«Aceptación», un cuento de Alexander Calderón

Foto: Daniela Gaviria

 

En nuestra edición de enero-febrero de 2021: El nuevo fin del mundo, les presentamos un cuento de Alexander Calderón (*) cuyo personaje principal explora la impotencia ante la muerte, ante la desaparición definitiva.

 

Había olvidado el asunto humano, ya no recordaba la última vez que había sentido vergüenza o ira o impaciencia. Nada. Ahora sólo el miedo gobernaba su vida, el miedo y el hambre. Trató de recordar esas veladas con amigos después del trabajo; mucho vino, mucha comida, risas, añoranzas, baile. Ahora todo tan lejos que el simple recuerdo parecía un cuadro de acuarela mojado por esa lluvia ácida que se tragaba todo a su paso. La risa de las mujeres, esa sinfonía diáfana de alegría y coqueteo, su propio galanteo ante ellas, la sutil aceptación, los ojos que se iluminaban a medida que los cuerpos se acercaban y ese calor entrañable que llenaba los recónditos espacios vacíos del alma. Todo había cambiado mucho después de su viudez, mucho antes de «las tragedias», como las llamaba la gente sólo para evitar llamarlas como debían llamarse, el Armagedón. Cuando vino la niebla, la que desconectaba los nervios ópticos, no la que ampollaba la piel y la reventaba hasta que la gente se desangraba, pensó que tal vez estar ciego era lo mejor que les podía pasar y en un descuido se dejó alcanzar, pero Arthur vino y lo jaló a tiempo, por lo tanto perdió la visión únicamente en el ojo izquierdo y reconoció con amargura lo ilógico de su razonamiento. El no poder ver no iba a salvarle de las tragedias por venir, y aunque la vida (la supervivencia) era muy dura, rendirse ante la muerte no era opción, algo adentro de sí mismo se lo gritaba; cuántas veces lo había recitado en sus clases ante sus estudiantes, vivir con miedo no era una opción, pero mucho menos lo era rendirse. ¡Ah! ¡Sus clases! La belleza de los rostros jóvenes convencidos de que se podía salvar la nación con marchas y protestas, salir a tomarse las calles a punta de piedras y caos, y cuando por fin el gobierno más corrupto de la historia estaba a punto de colapsar vino el estúpido apocalipsis y nos robó la victoria de la verdadera democracia.

Una gota de sudor rodó por su frente, se deslizó hasta la punta de la nariz y cayó sobre los maltrechos labios, ahondando en la desesperanza absoluta de la sed, y ese sabor salado le trajo a la memoria el mar y las olas y la arena, todos en conjunto, todos elementos amados, la brisa de la mañana cuando apenas asomaba el sol y con su tibieza acariciaba su piel en aquellas mañanas de cortísimas vacaciones; y su recuerdo era siempre la misma playa, siempre la misma mañana de su luna de miel y las memorias de ella, bendita sea por haber muerto antes y no haber tenido que sufrir, y su cabello largo al viento y su rostro perfecto como tallado en marfil por las manos de los grandes artistas italianos que ella tanto adoraba, y su belleza escandalosa y sus labios tentadores y sus ojos sin par y la infinita sensualidad de su pecho y su cintura y su cadera y sus nalgas y sus piernas y la armonía de sus movimientos en las maratones indecorosas de su amor salvaje. Si hubiera tenido lágrimas, aquel recuerdo sería algo bello por lo cual llorar.
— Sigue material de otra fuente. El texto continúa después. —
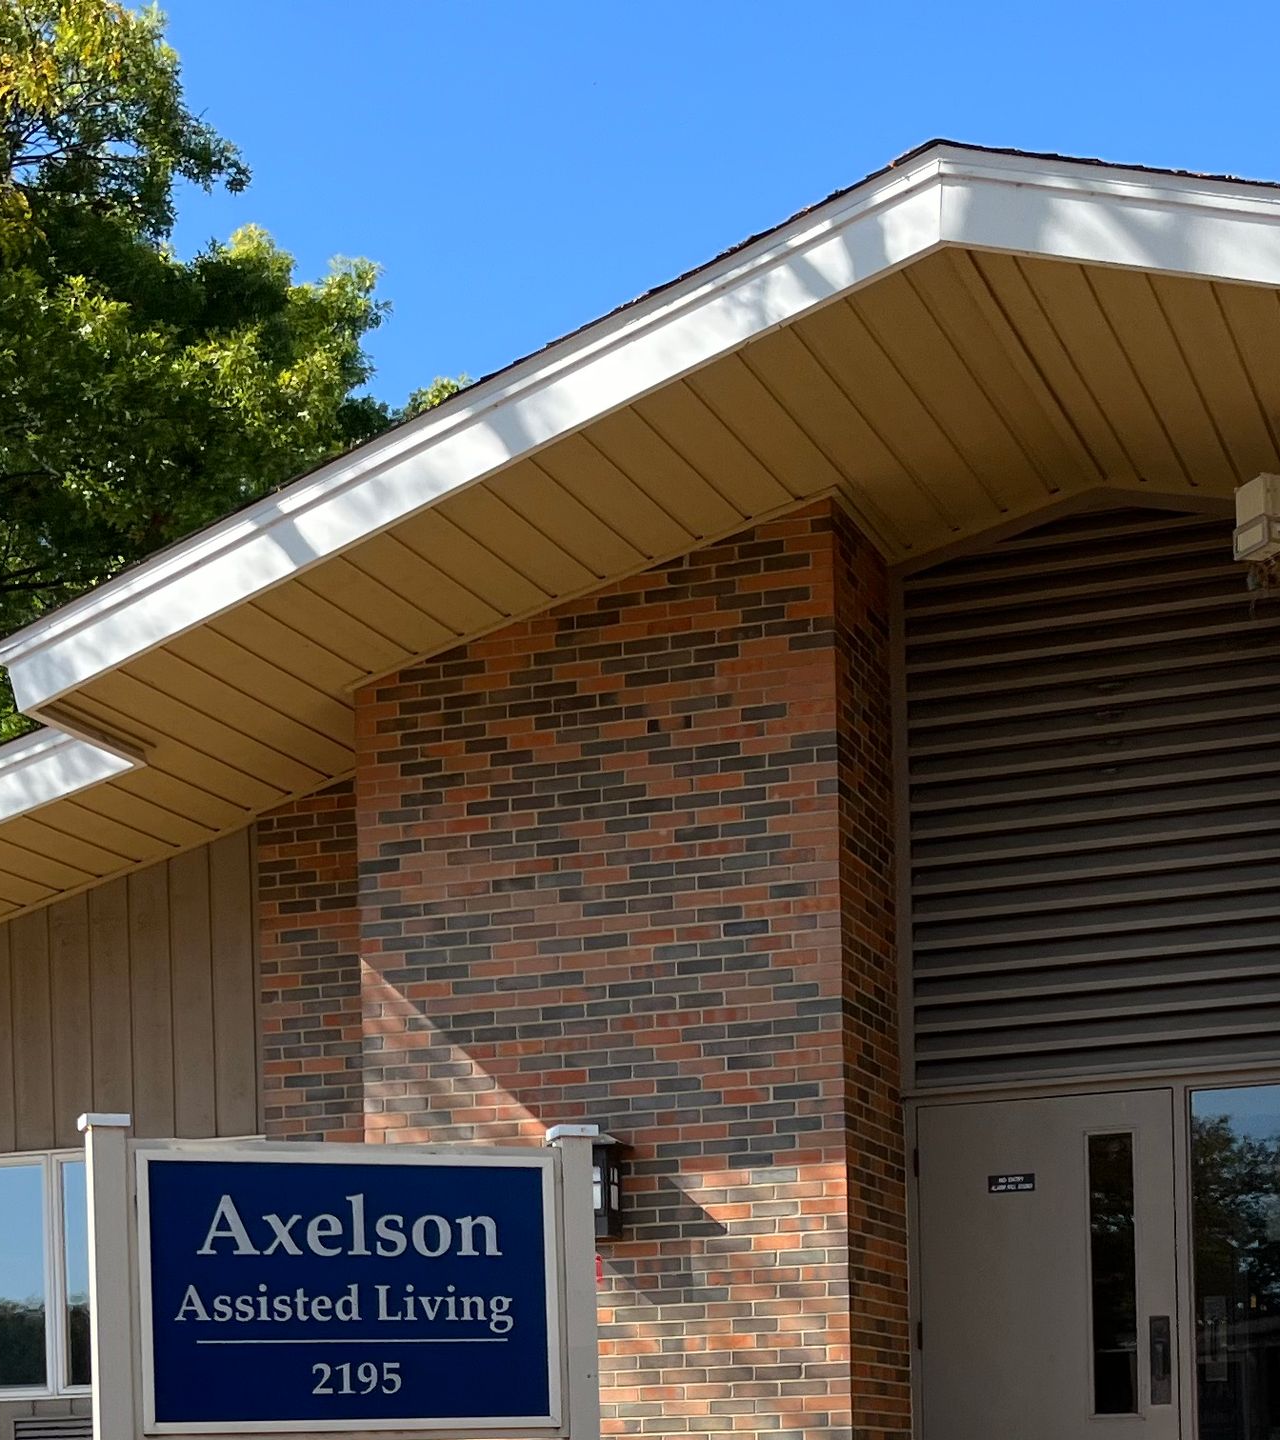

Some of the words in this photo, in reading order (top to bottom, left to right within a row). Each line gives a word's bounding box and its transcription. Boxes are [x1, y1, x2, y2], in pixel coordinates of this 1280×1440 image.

[197, 1193, 503, 1257] Axelson
[174, 1283, 363, 1322] Assisted
[376, 1284, 514, 1333] Living
[312, 1362, 402, 1395] 2195
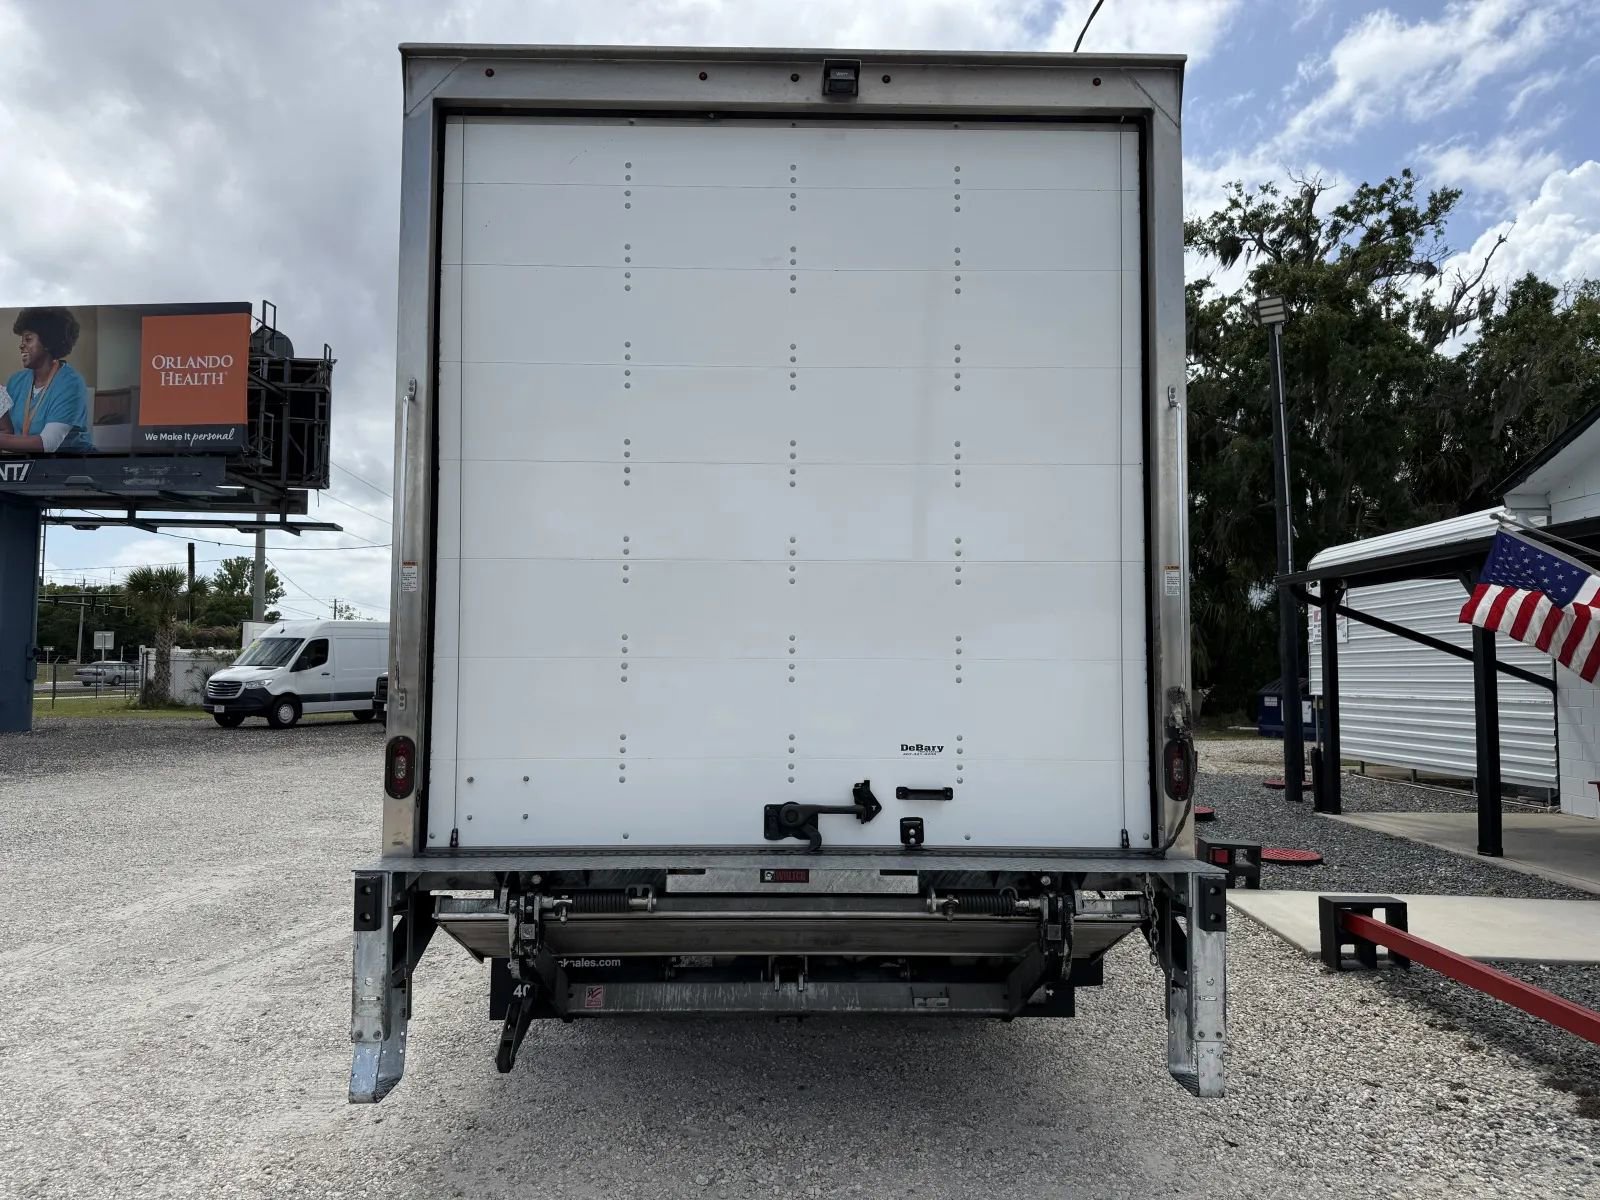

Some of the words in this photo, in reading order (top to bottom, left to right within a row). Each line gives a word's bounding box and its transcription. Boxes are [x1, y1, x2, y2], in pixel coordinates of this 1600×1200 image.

[151, 354, 234, 370] ORLANDO
[160, 371, 225, 386] HEALTH
[144, 432, 158, 441] We
[159, 432, 183, 441] Make
[184, 432, 191, 441] It
[189, 427, 236, 447] personal
[900, 743, 945, 753] DeBary
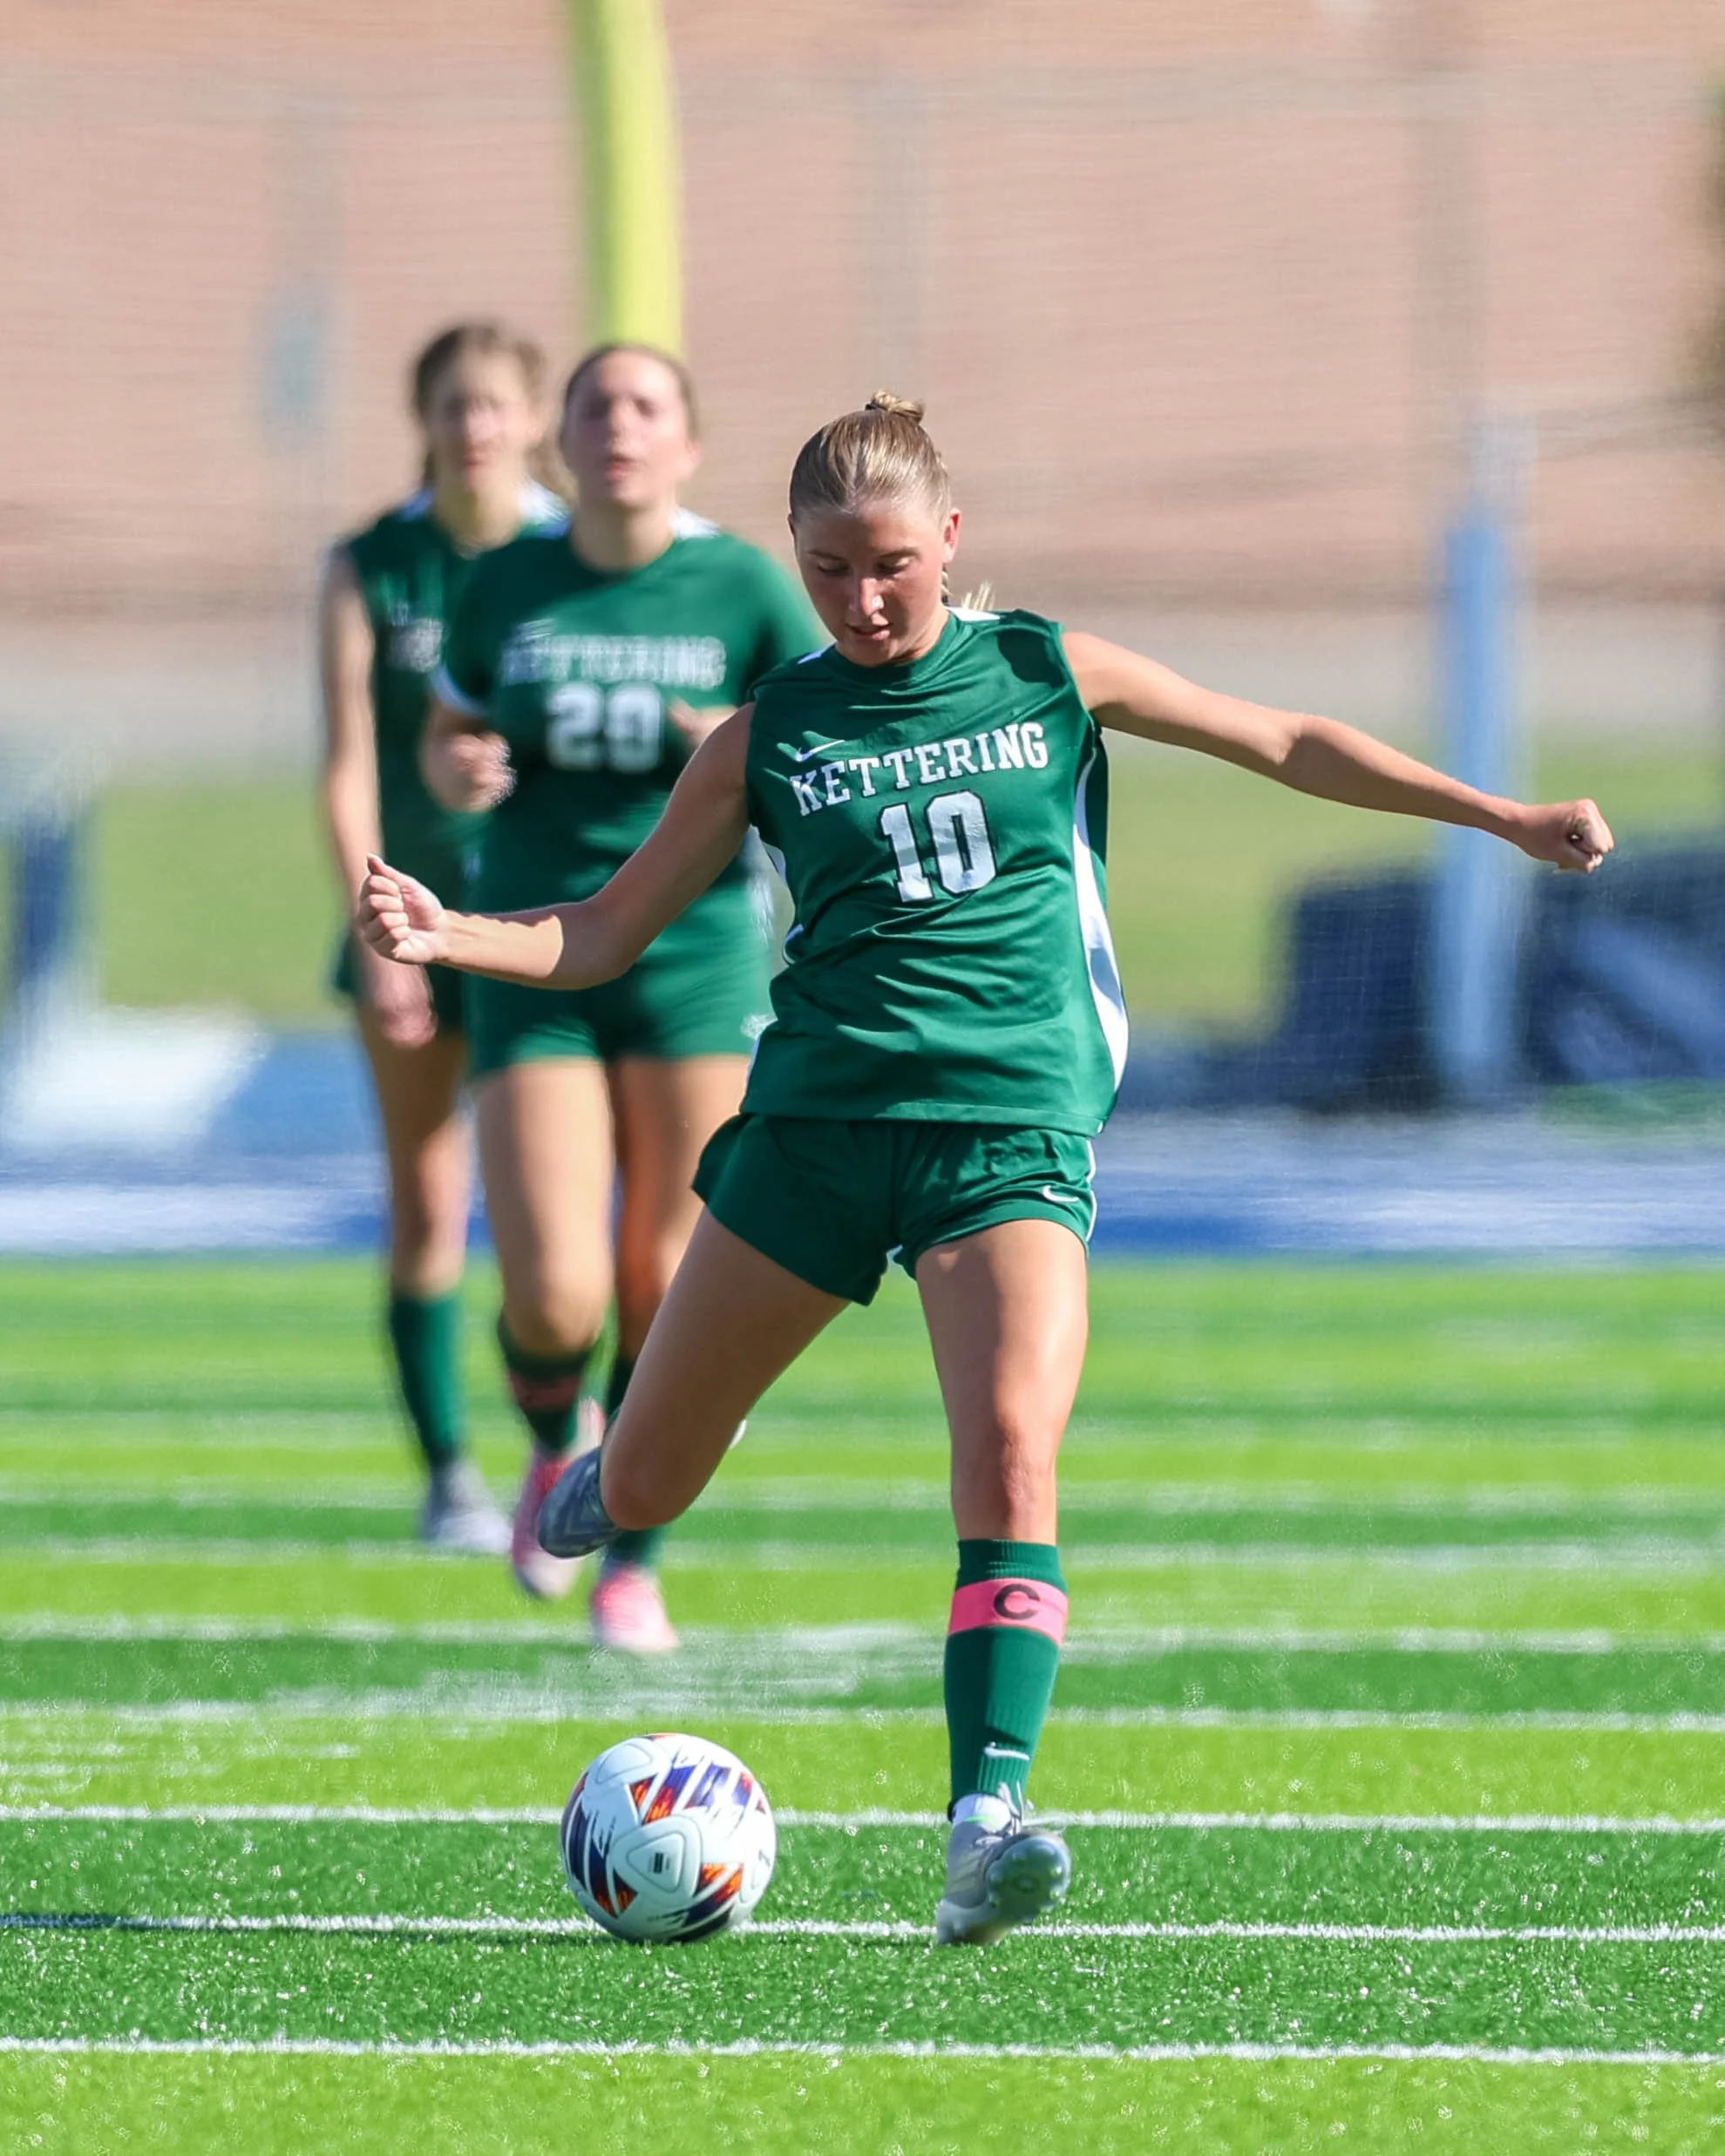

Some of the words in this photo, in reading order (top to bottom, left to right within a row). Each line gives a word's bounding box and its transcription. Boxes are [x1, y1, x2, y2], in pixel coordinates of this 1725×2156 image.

[547, 681, 663, 774] 20
[790, 722, 1049, 817] KETTERING
[880, 790, 996, 903] 10
[993, 1583, 1041, 1620] C
Si existía espacio para el orgullo ahora que el final se acercaba, entonces podría permitirse estar orgulloso de su inmensa biblioteca; no, no una física, pues no hubiese tenido espacio para todos los libros que amó y que amaba así no pudiera recordarlos a todos. Estaba orgulloso de la biblioteca que reposaba en su memoria, hecha de los volúmenes de historias hermosas bellamente relatadas por mentes mucho más brillantes que la suya cuyas obras se perderían para siempre ahora con su muerte. Cuando huyó, cuando huyeron todos de las ciudades debido a las ratas gigantes que se tragaban físicamente todo a su paso —y los pocos biólogos que alcanzaron a estudiarlas declararon que se comportaban como pirañas andando en hordas para evitar ser presa de animales más grandes y eso aumentaba considerablemente su ferocidad y su voracidad—, quiso escoger un libro que pudiera reconfortarle en medio de la angustia por venir, o que le diera algo en que pensar para distraer su mente así fuera sólo un rato. No pudo escoger solo uno y se llevó tres, que pesaban casi tanto como la pena profunda de no haber podido llevar más. Le servía de consuelo recontarse las historias de los que no llevó, a cada cuál más imprecisa, tal y cómo se lo permitía su memoria.

Cayó en cuenta de que extrañaba los videojuegos de su infancia, las incontables horas frente a la pantalla en aventuras inverosímiles siendo un agente secreto, un policía encubierto, un científico loco y perseguido, un experto ladrón de autos, un fontanero bigotón y su hermano y sus mascotas y sus enemigos ya fuera saqueando castillos o barcos voladores o en pistas de coches fantásticas… Para qué pensar en la tecnología si fue la primera que murió totalmente, después de las ratas vino una explosión gigante que se escuchó por todos los rincones de la tierra y todos los aparatos eléctricos, incluidas linternas y radios de baterías, dejaron de funcionar en el instante, y sin tecnología la raza humana perdió toda conexión con el otro, pues muchos habían olvidado el glamoroso arte de la conversación, y además todos andaban temerosos de perder lo poco que cargaban a sus espaldas, y así volvimos tristes, solitarios, individualizados a las cavernas de donde jamás debimos haber salido.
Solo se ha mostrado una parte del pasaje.